Bourdieu’s (1990) notions of structure and human action sought to overcome the opposition between objectivism and subjectivism or the individual and society. His theory instead focuses on practice, which he views as being the product of the relationship between agency and structure. Of interest to Bourdieu was the dialectic between social and mental structures and how individuals construct social reality. According to Bourdieu, individuals occupy given positions in social space which orient and guide their social positioning and practices.

In other words, individuals practically anticipate the social meaning and significance of their chosen practice based on their distribution in social space. His unique sociological perspective draws on structuralist and constructivist, subjective notions and is described as constructivist structuralism, which maintains that individuals construct and adapt social phenomena by means of their thoughts and actions, but these constructions take place within inevitable structures.

Bourdieu (1990) outlines his theory of practice, which provides an account of how to understand and analyse human action and the social world.

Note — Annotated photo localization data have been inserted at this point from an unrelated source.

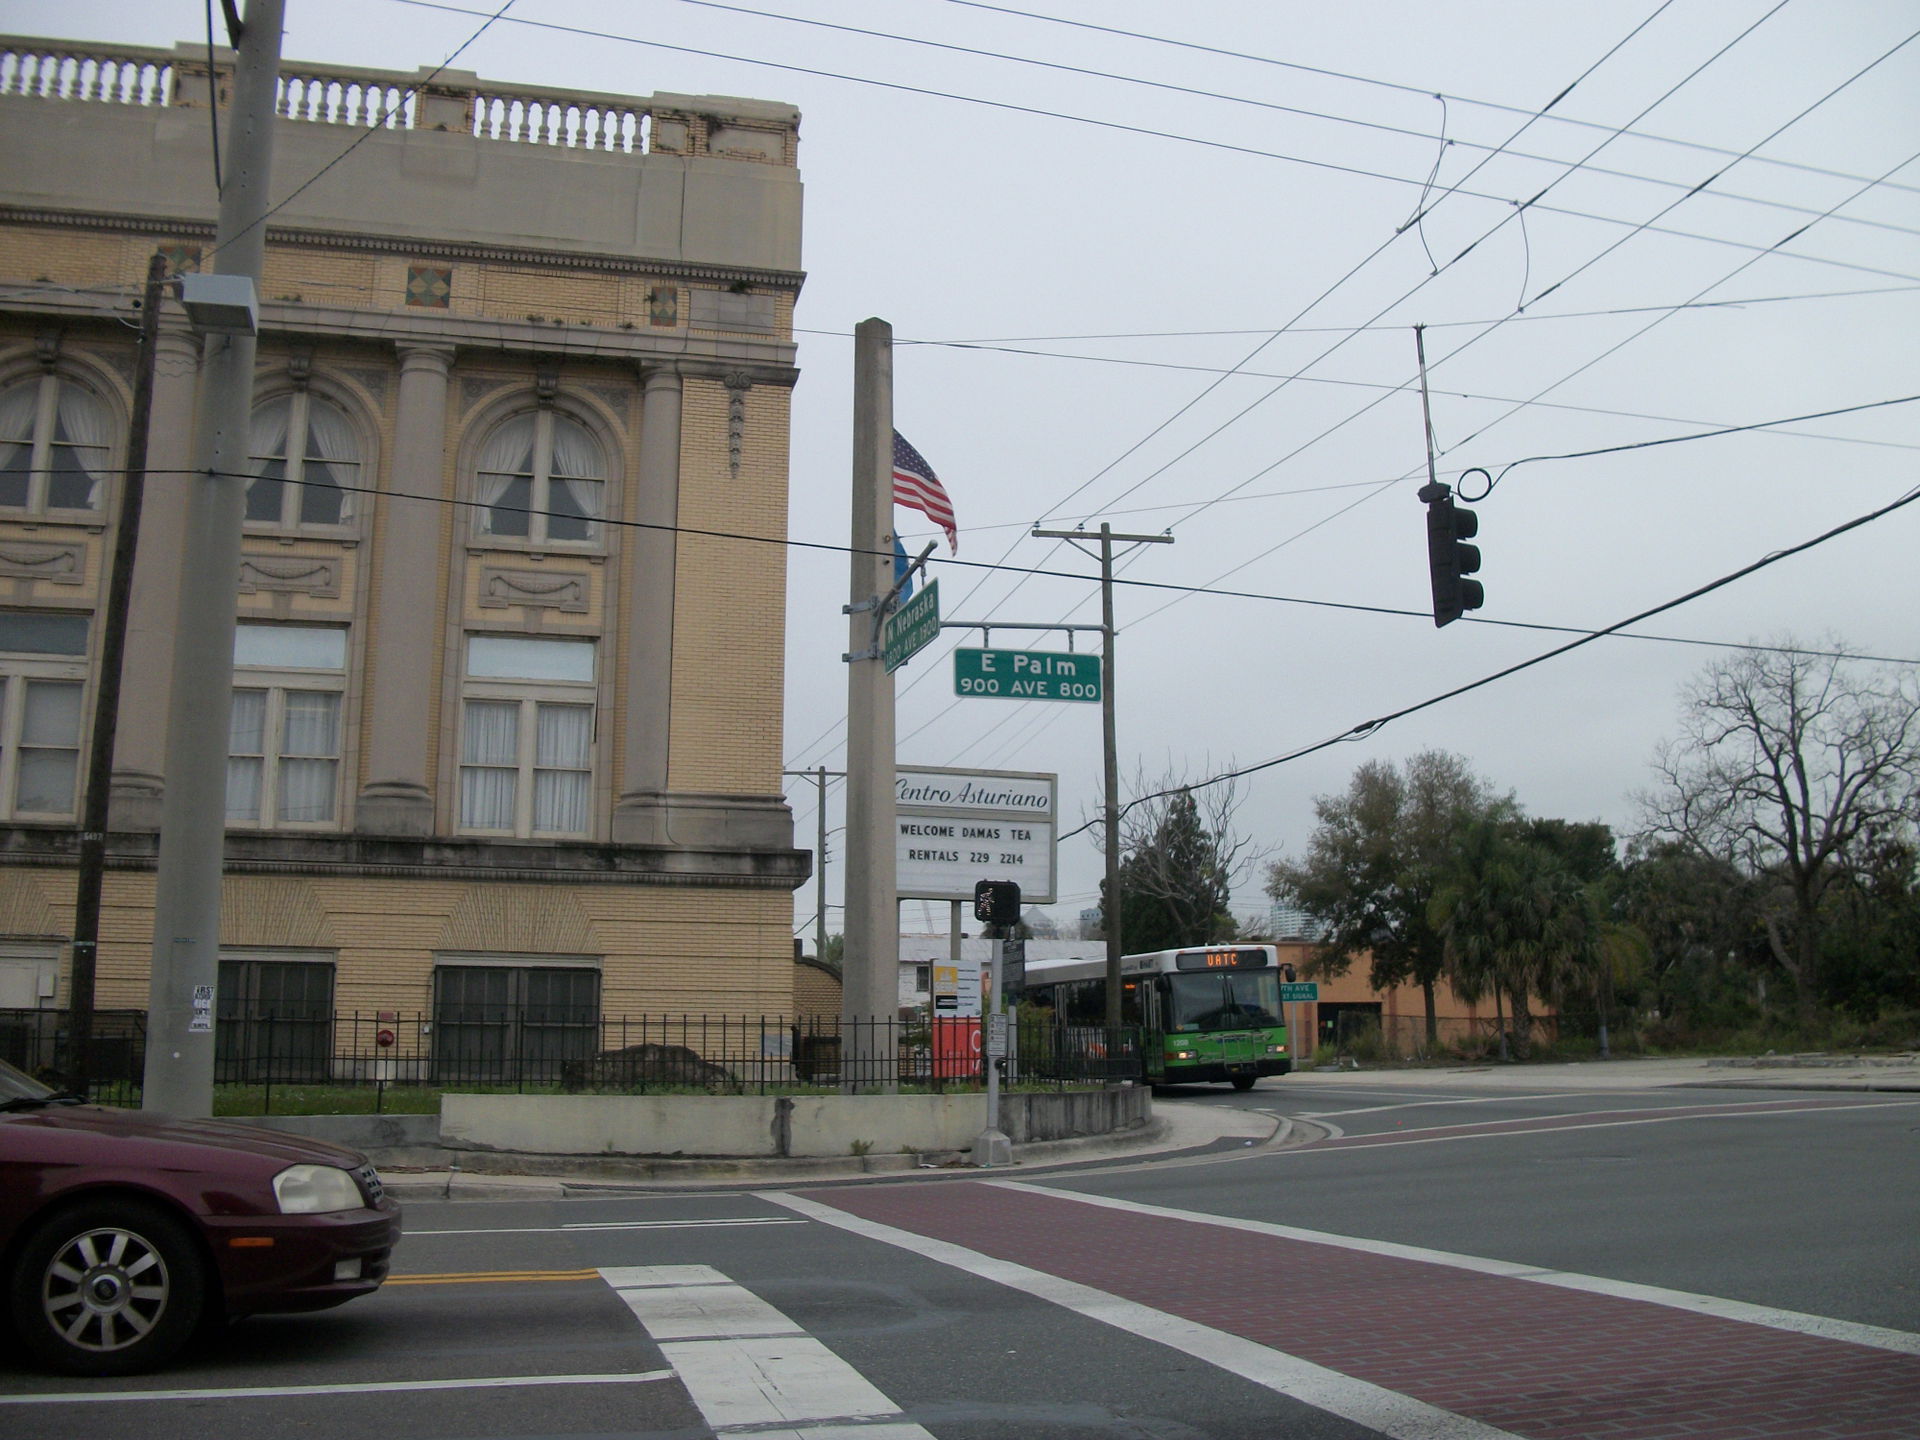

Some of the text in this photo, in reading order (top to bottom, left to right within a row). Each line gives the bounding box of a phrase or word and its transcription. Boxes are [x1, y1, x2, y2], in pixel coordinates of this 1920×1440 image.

[887, 592, 935, 644] N Nebraska
[903, 631, 917, 654] AVE
[919, 616, 937, 640] 1900
[981, 653, 1076, 676] E Palm
[960, 678, 1097, 698] 900 AVE 800
[895, 778, 1048, 808] Centro Asturiano
[900, 824, 1032, 841] WELCOME DAMAS TEA
[909, 849, 1024, 864] RENTALS 229 2214
[1207, 953, 1238, 967] UATC
[1295, 984, 1310, 992] AVE
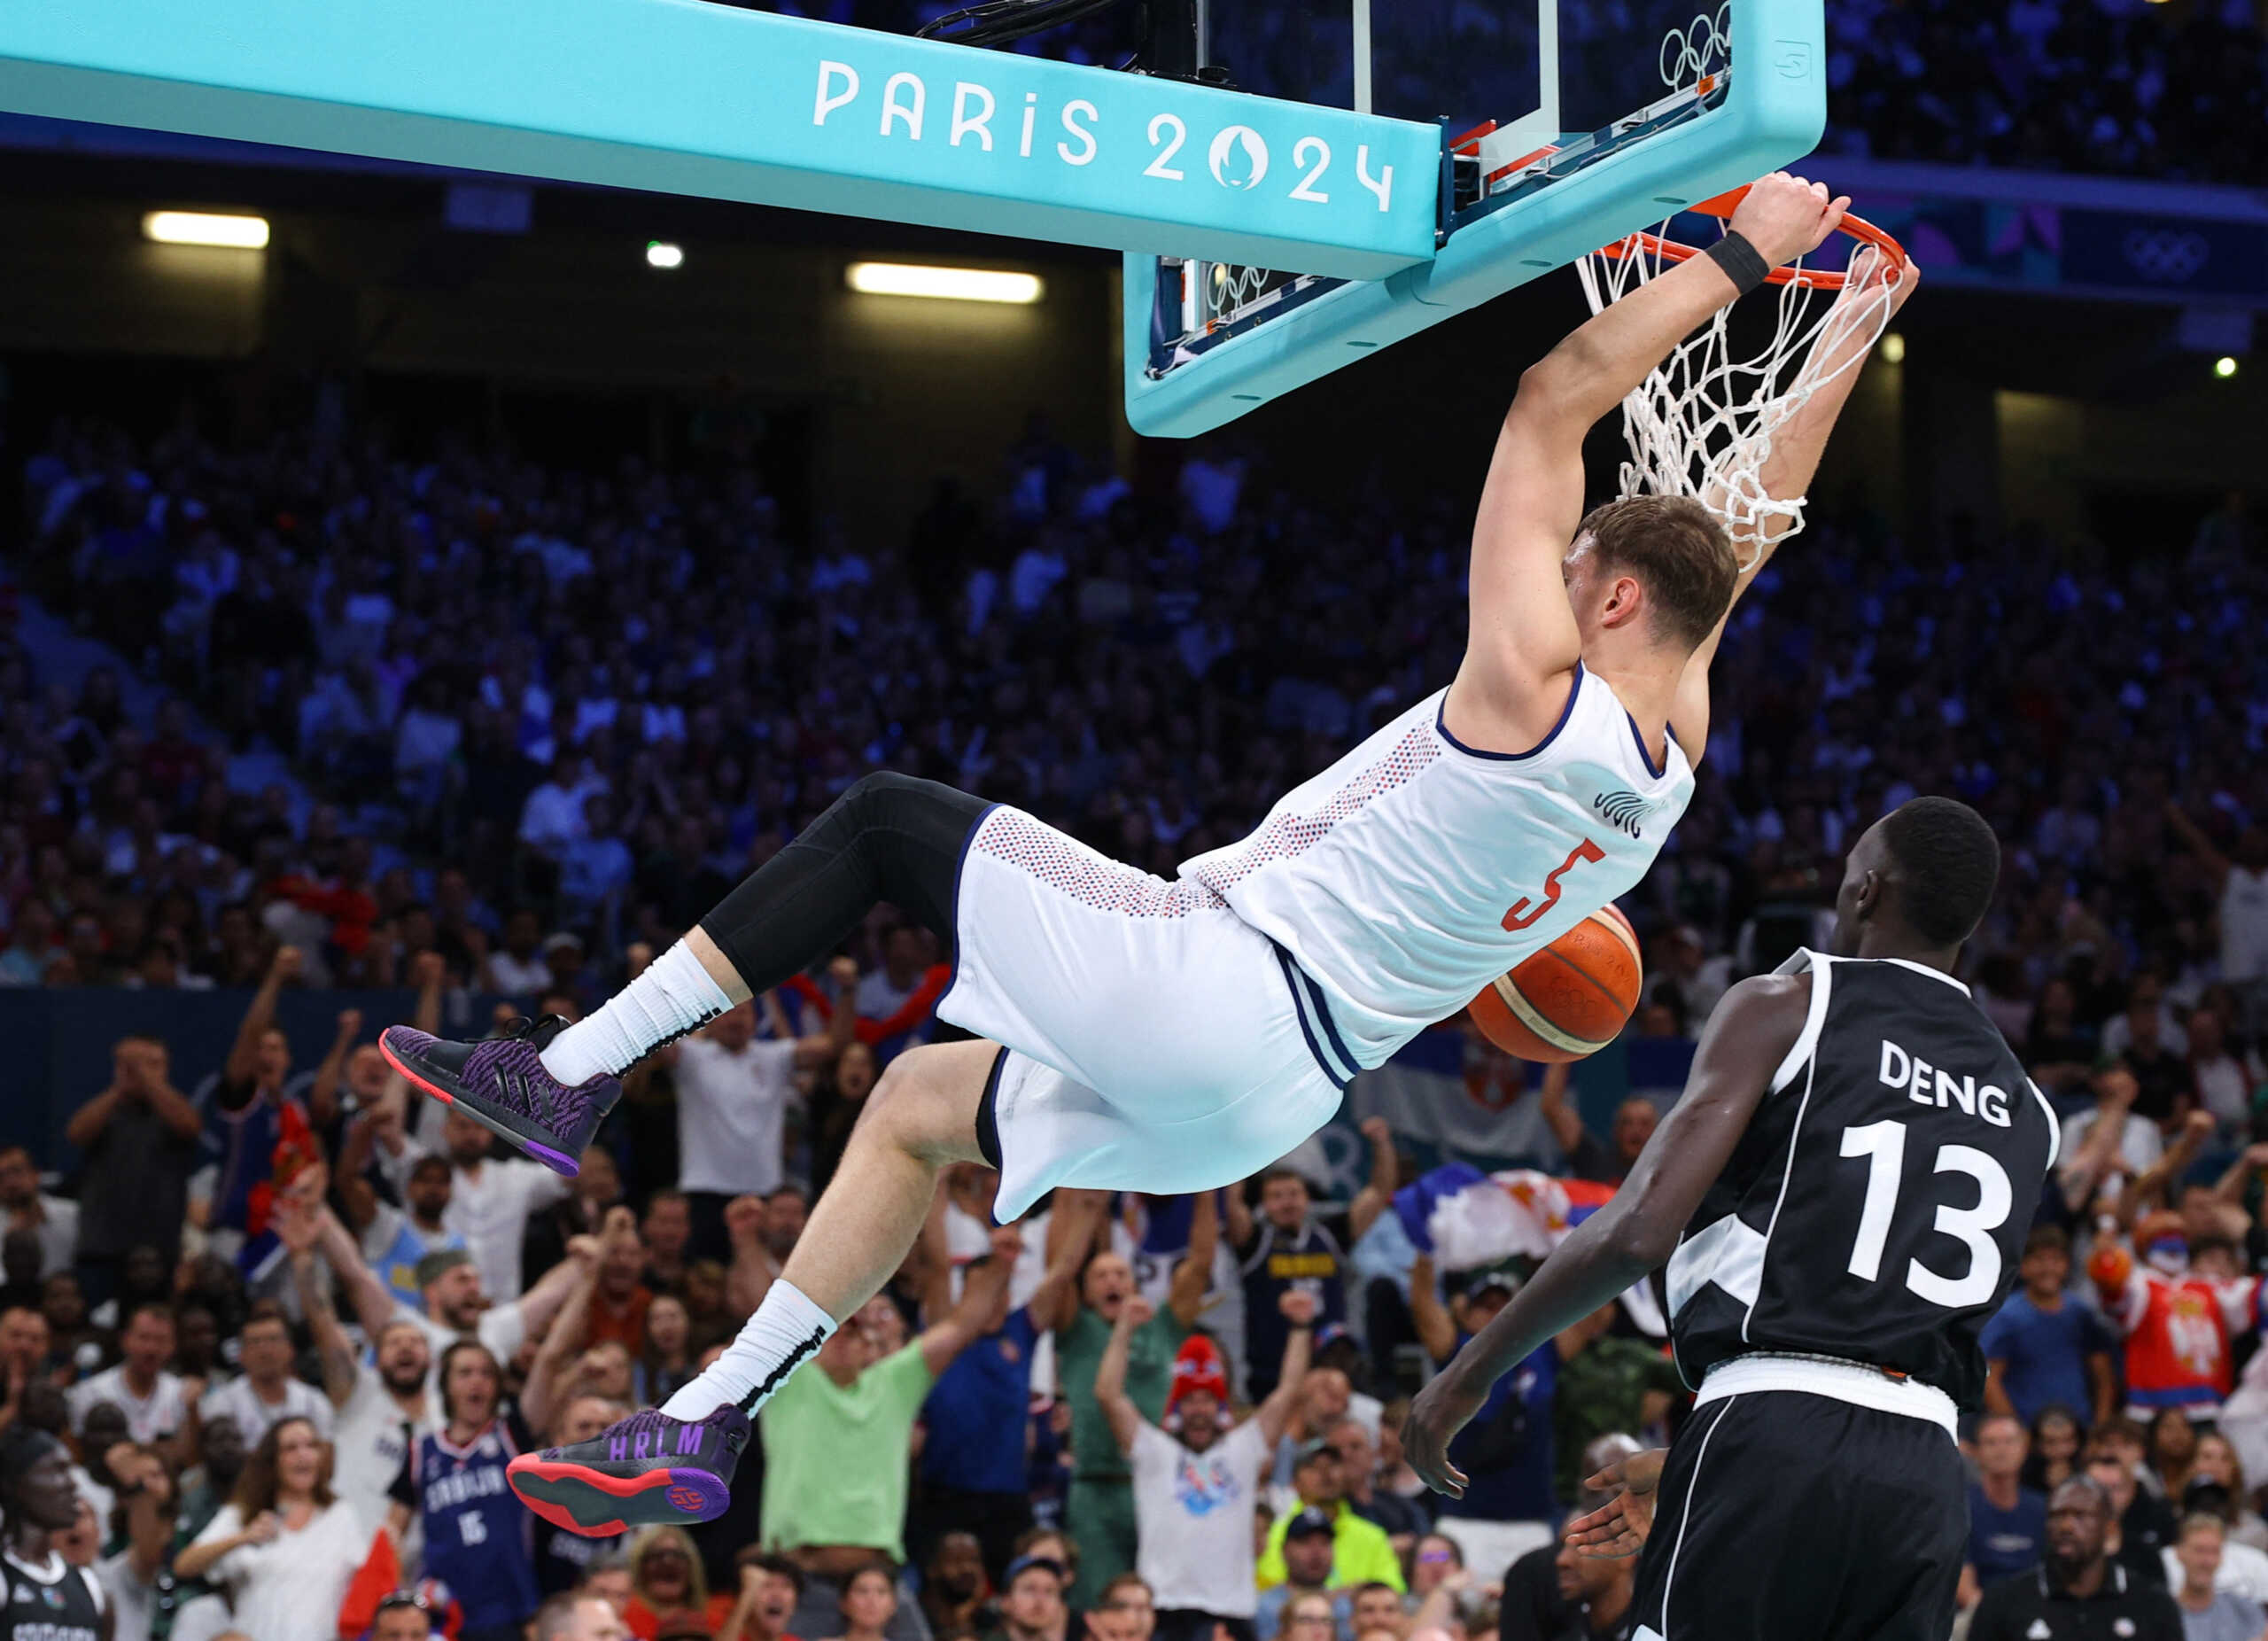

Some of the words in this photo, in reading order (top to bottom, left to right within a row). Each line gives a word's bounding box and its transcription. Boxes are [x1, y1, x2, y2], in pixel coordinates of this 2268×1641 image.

[1142, 113, 1394, 213] 2024
[1501, 837, 1607, 932] 5
[1879, 1039, 2012, 1128] DENG
[1839, 1119, 2013, 1309] 13
[609, 1424, 705, 1462] HRLM

Central to his theory of practice, are his notions of habitus, field and capital. To Bourdieu, habitus refers to ‘mental and cognitive structures’ or internalised schemes, through which individuals come to appreciate, interpret and evaluate their social world. He points out that an individual’s biographical experience produces a system of dispositions (ways of acting and thinking) or habitus, which varies for different individuals. The second concept that Bourdieu (1990) elaborates upon in his theory of practice is that of ‘field’, which he views as an objective complement to his notion of habitus.A range of fields constitute the social world such as religion, philosophy, politics, education and art. The amounts and types of capitalthat agents possess, Bourdieu argues, result in them occupying dominant, subordinate or equivalent positions in the field.

Therefore, agents experience power differently depending on their distribution of capital and position in the field.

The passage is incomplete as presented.